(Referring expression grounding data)
[Start of Attachment]
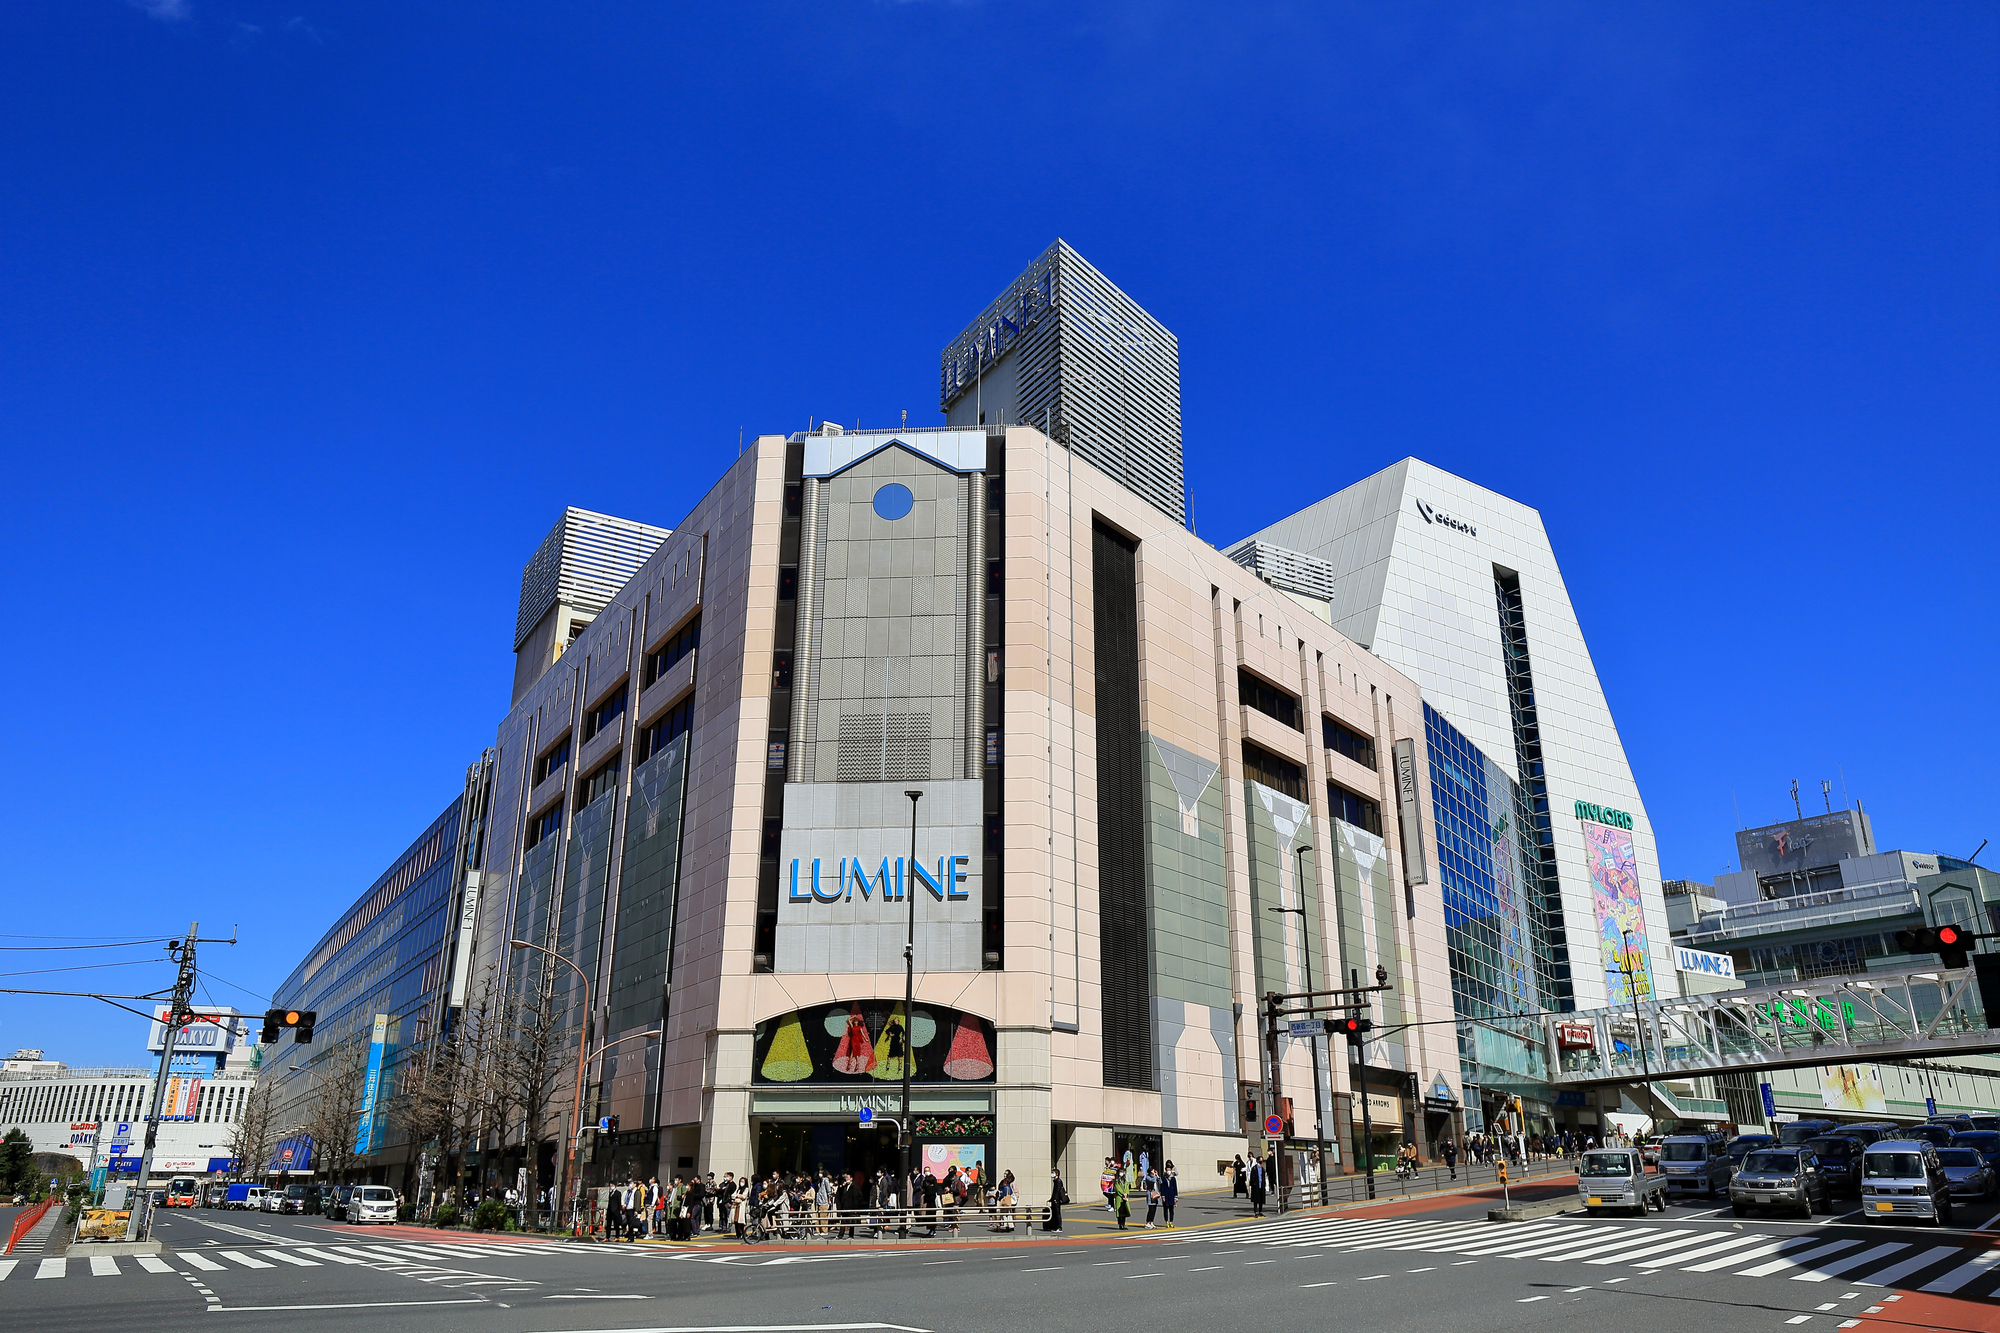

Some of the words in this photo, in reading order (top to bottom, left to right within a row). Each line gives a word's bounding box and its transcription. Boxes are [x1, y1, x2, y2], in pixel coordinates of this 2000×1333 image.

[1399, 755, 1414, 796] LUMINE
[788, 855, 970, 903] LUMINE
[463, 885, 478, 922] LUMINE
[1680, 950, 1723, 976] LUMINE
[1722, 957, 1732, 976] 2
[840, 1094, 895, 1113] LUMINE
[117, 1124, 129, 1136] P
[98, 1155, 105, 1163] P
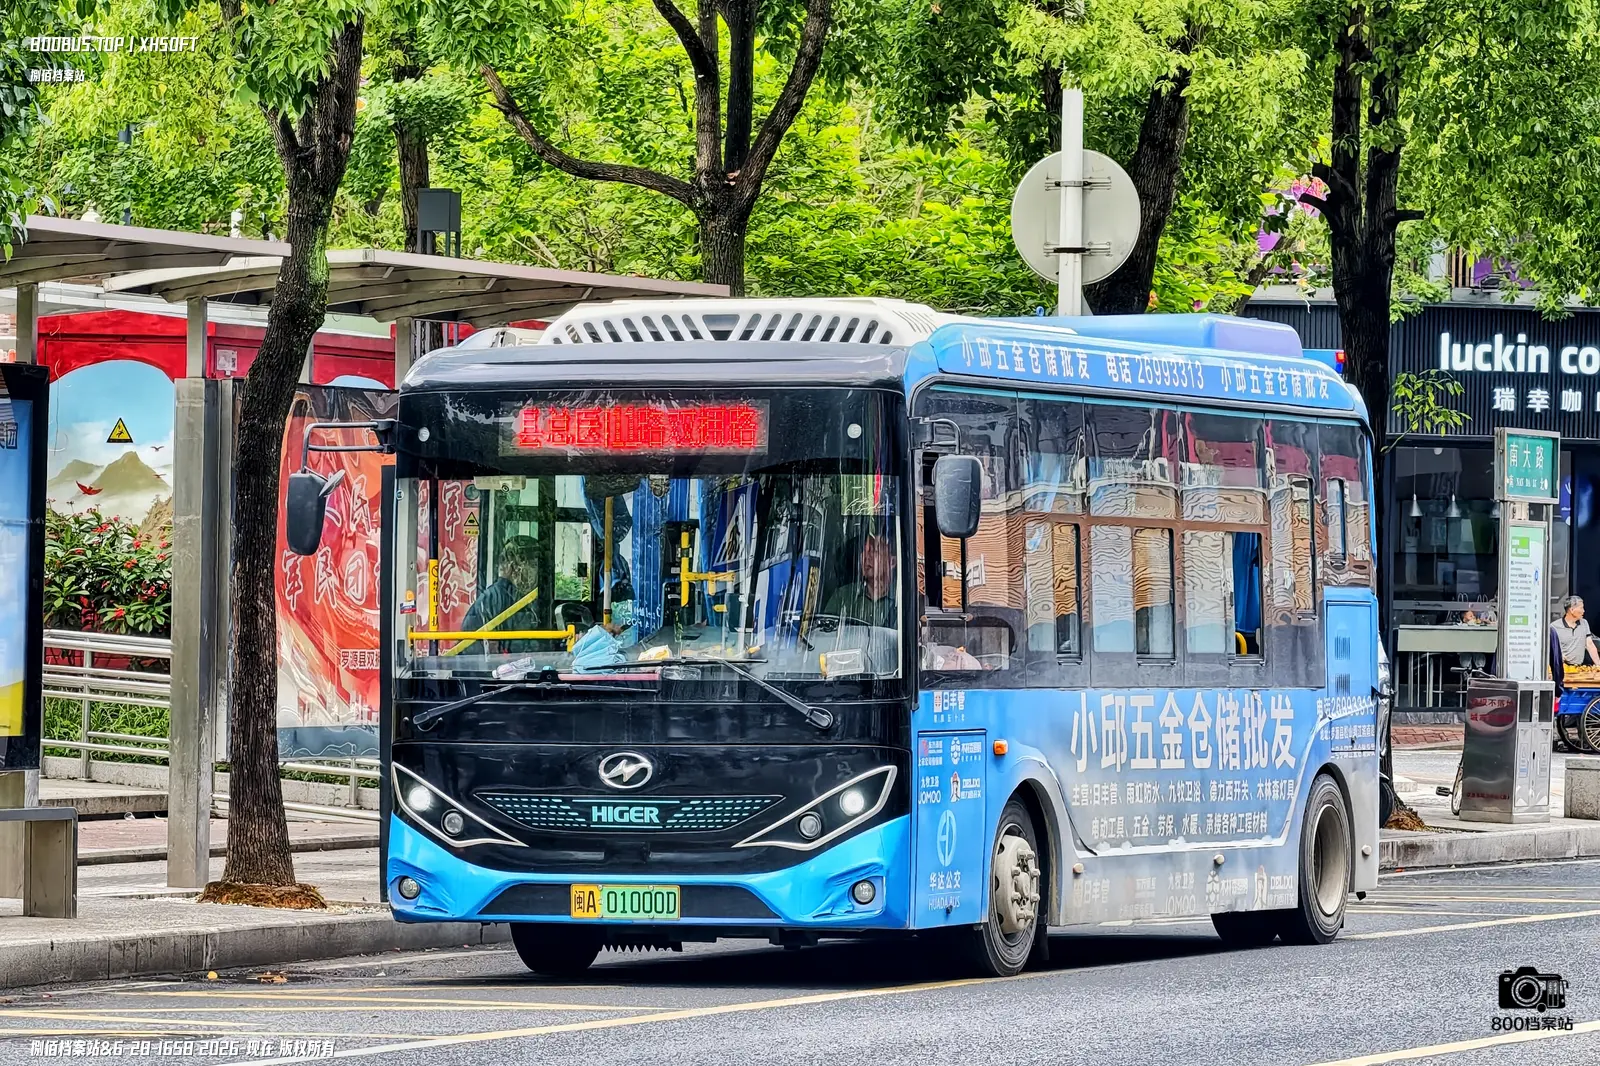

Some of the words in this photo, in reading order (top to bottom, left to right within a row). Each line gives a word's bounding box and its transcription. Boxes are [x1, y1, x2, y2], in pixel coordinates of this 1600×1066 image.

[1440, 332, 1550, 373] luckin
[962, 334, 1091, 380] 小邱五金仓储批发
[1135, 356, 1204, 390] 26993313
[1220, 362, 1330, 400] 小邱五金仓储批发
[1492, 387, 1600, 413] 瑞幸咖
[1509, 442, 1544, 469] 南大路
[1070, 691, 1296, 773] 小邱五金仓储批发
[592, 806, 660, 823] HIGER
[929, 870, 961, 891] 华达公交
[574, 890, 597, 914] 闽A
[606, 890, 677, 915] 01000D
[End of Attachment]
Without the pictures, give all the records above again exactly.

Some of the words in this photo, in reading order (top to bottom, left to right within a row). Each line gives a word's bounding box and its transcription. Boxes are [x1, y1, x2, y2], in pixel coordinates of this 2000×1333 image.

[1399, 755, 1414, 796] LUMINE
[788, 855, 970, 903] LUMINE
[463, 885, 478, 922] LUMINE
[1680, 950, 1723, 976] LUMINE
[1722, 957, 1732, 976] 2
[840, 1094, 895, 1113] LUMINE
[117, 1124, 129, 1136] P
[98, 1155, 105, 1163] P

Some of the words in this photo, in reading order (top to bottom, left to right within a row). Each line gives a word's bounding box and its transcription. Boxes are [x1, y1, x2, y2], in pixel coordinates of this 1600×1066 image.

[1440, 332, 1550, 373] luckin
[962, 334, 1091, 380] 小邱五金仓储批发
[1135, 356, 1204, 390] 26993313
[1220, 362, 1330, 400] 小邱五金仓储批发
[1492, 387, 1600, 413] 瑞幸咖
[1509, 442, 1544, 469] 南大路
[1070, 691, 1296, 773] 小邱五金仓储批发
[592, 806, 660, 823] HIGER
[929, 870, 961, 891] 华达公交
[574, 890, 597, 914] 闽A
[606, 890, 677, 915] 01000D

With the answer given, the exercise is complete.